Moment&Cross: Next-Generation Real-Time Cross-Domain CTR Prediction for Live-Streaming Recommendation at Kuaishou
Jiangxia Cao, Shen Wang, Yue Li, Shenghui Wang, Jian Tang, Shiyao Wang, Shuang Yang, Zhaojie Liu, Guorui Zhou
TL;DR
Moment&Cross tackles real-time cross-domain CTR prediction for live-streaming on Kuaishou by addressing temporal content shifts, feedback delays, and data sparsity through a dual mechanism: Moment enables 30-second real-time data streaming with first-only label-mask learning, while Cross transfers rich short-video interests via General and Exact Search Units and contrastive alignment.

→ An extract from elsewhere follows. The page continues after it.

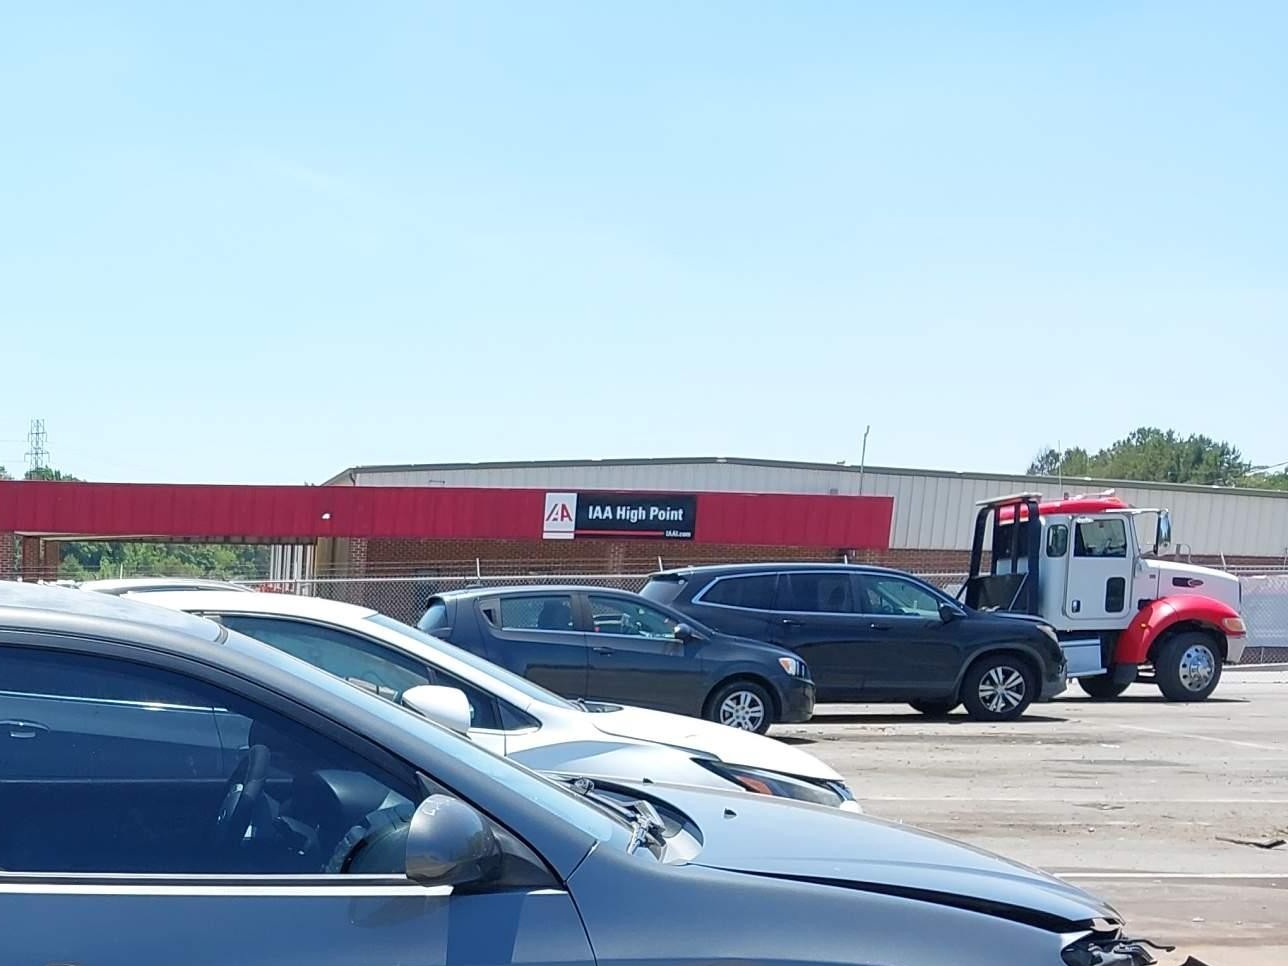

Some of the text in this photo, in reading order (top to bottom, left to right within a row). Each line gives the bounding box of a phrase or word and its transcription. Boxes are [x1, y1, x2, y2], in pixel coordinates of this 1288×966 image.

[588, 506, 684, 522] IAA High Point

The framework combines fast real-time feedback with cross-domain history to improve predictions, using multi-task ranking and a tailored loss design ($\mathcal{L}_{fast}$, $\mathcal{L}_{slow}$, $\mathcal{L}_{moment}$) and a composite Ranking_Score, together with cross-domain contrastive objectives. Offline results show consistent gains in AUC/GAUC and ablations confirm the value of each component, and online A/B tests demonstrate improvements in Click and Watch Time, with notable benefits for low-gift users, validating real-time adaptation and cross-domain transfer at scale. The approach is deployed to serve 400 million users, illustrating practical impact in live-streaming recommendations where identifying high-light moments and surfacing related live-streams are critical.
Abstract
Kuaishou, is one of the largest short-video and live-streaming platform, compared with short-video recommendations, live-streaming recommendation is more complex because of: (1) temporarily-alive to distribution, (2) user may watch for a long time with feedback delay, (3) content is unpredictable and changes over time. Actually, even if a user is interested in the live-streaming author, it still may be an negative watching (e.g., short-view < 3s) since the real-time content is not attractive enough. Therefore, for live-streaming recommendation, there exists a challenging task: how do we recommend the live-streaming at right moment for users? Additionally, our platform's major exposure content is short short-video, and the amount of exposed short-video is 9x more than exposed live-streaming. Thus users will leave more behaviors on short-videos, which leads to a serious data imbalance problem making the live-streaming data could not fully reflect user interests. In such case, there raises another challenging task: how do we utilize users' short-video behaviors to make live-streaming recommendation better?